Included in The Antiquities of England and Wales, by Francis Grose,.
There is descriptive text below the print and on the reverse:-
KERTMELE, OR CARTMELE, PRIORY, LANCASHIRE.
THIS was a priory of regular canons, of the order of St. Augustine, dedicated to the Virgin Mary, and founded A.D. 1188. by William Mareschal, Earl of Pembroke; who by his charter directed that it should for ever remain an independant priory; that it should never be raised to the dignity of an abbey; and that upon the death of the prior, the canons should present to him, or his successor, two of their convent, one of whom he was to nominate to the office of prior. Having settled these and some other particulars, he concludes in the following manner: "This house I have founded for the increase of our holy religion, giving and granting to it every kind of liberty the heart can conceive, or the mouth utter; and whosoever in any way infringe upon these their immunities, or injure the said monastery, may he incur the curse of God, of the blessed Virgin and all the saints, as well as my particular malediction."

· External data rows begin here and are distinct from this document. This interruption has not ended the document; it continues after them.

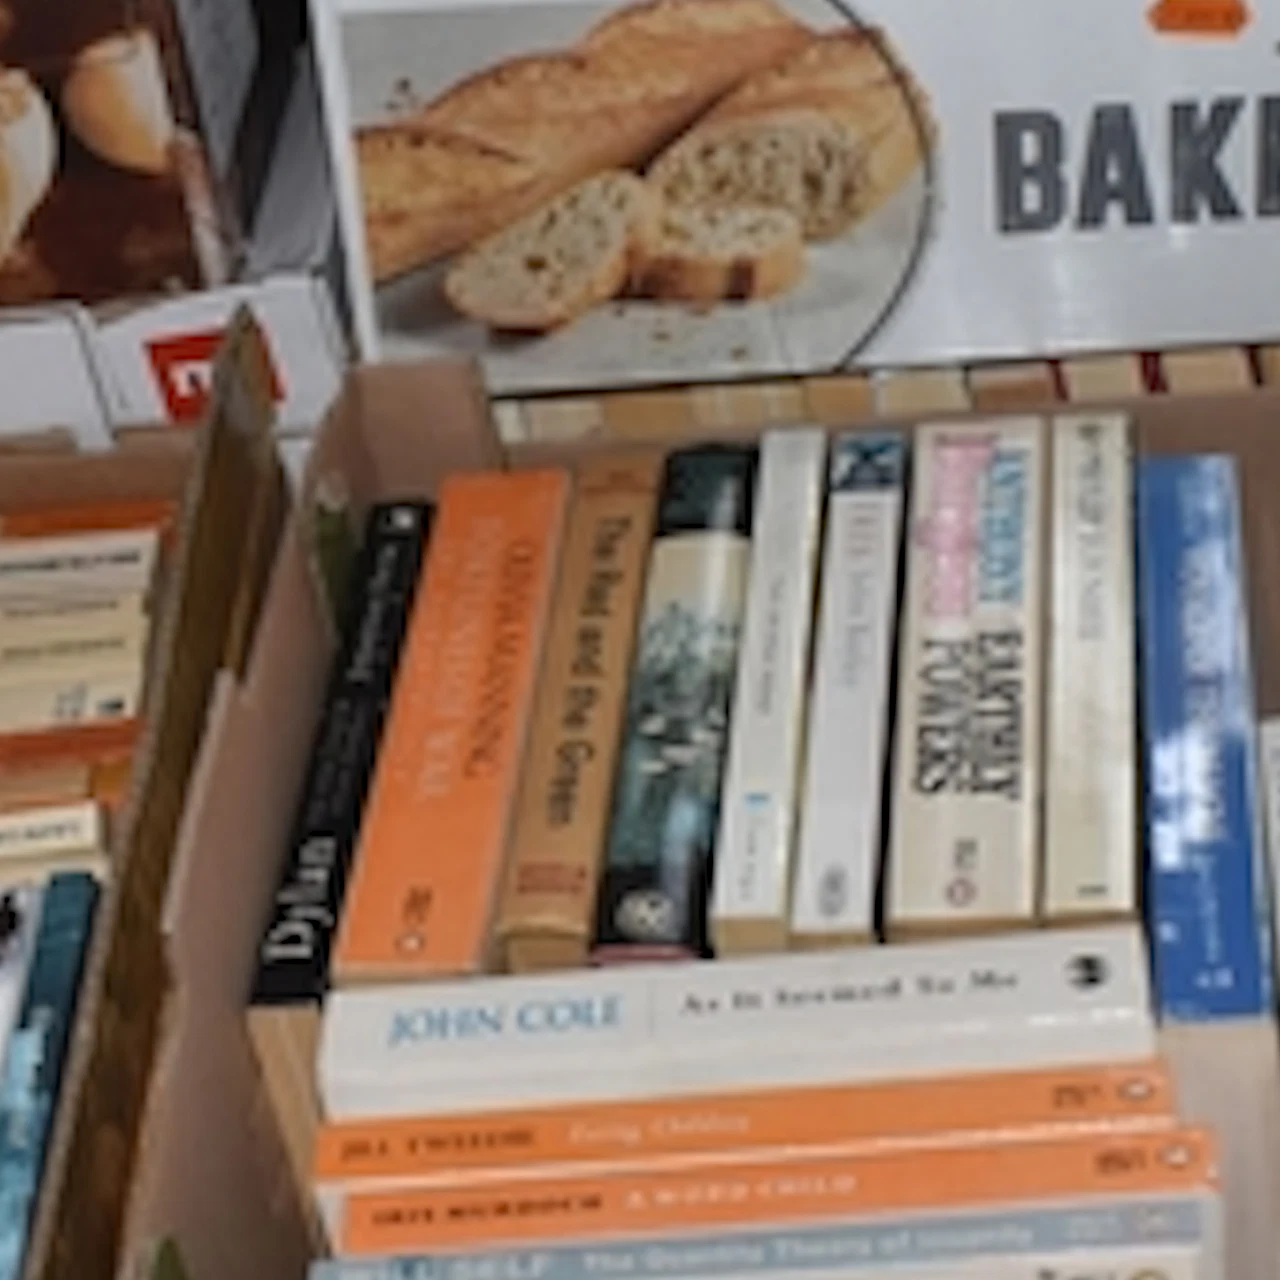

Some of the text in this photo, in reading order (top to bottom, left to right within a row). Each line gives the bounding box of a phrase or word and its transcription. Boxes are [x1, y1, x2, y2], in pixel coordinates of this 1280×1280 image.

[545, 514, 634, 827] The Red and the Green
[914, 636, 973, 797] POWERS
[969, 628, 1025, 802] EARTHLY
[260, 832, 340, 964] Dylan
[386, 994, 626, 1049] JOHN COLE
[678, 987, 721, 1018] As
[446, 1192, 606, 1224] MURDOCH
[775, 1233, 872, 1263] Theory

BY two different charters these canons were endowed by the above-named founder with all his lands of Kertmele, together with the church and its dependencies; likewise the church of Balisar, with the chapel of Balunadan and its appendages; also the town of Kiros in Ireland, with the advowson of its church, and all appurtenances.
ADA de Winterthwaiter, Thomas de Kelilstal, and Elias, son of Goditha de Stavely, were benefactors to this house. The charters of the founder were confirmed by Edward 3d. but probably had been called in question in the reign of Henry 3d; for by the rolls of the 7th of that king, cited in Madox's History of the Exchequer, it appears, that the prior of Cartmele paid a fine of one Palfrey to have his charter and liberties amended.
IN the 26th of Henry 8th, this priory was rated at 91l. 16s. 3d. per ann. Dugdale, 124l. 2s. 1d. Speed, 212l. 11s. 10d. second valuation. Here at the dissolution were reckoned ten religious and thirty-eight servants. The bells, lead, and goods were estimated at 274l. 13s. 9½d. The debts owing by the house amounted to 59l. 12s. 8d. Anno 1553, here remained in charge 2l. in fees. The site of the monastery was granted 38th Hen. 8th. to Thomas Holcroft. The church is now converted to parochial uses; the patron thereof Sir James Lowther.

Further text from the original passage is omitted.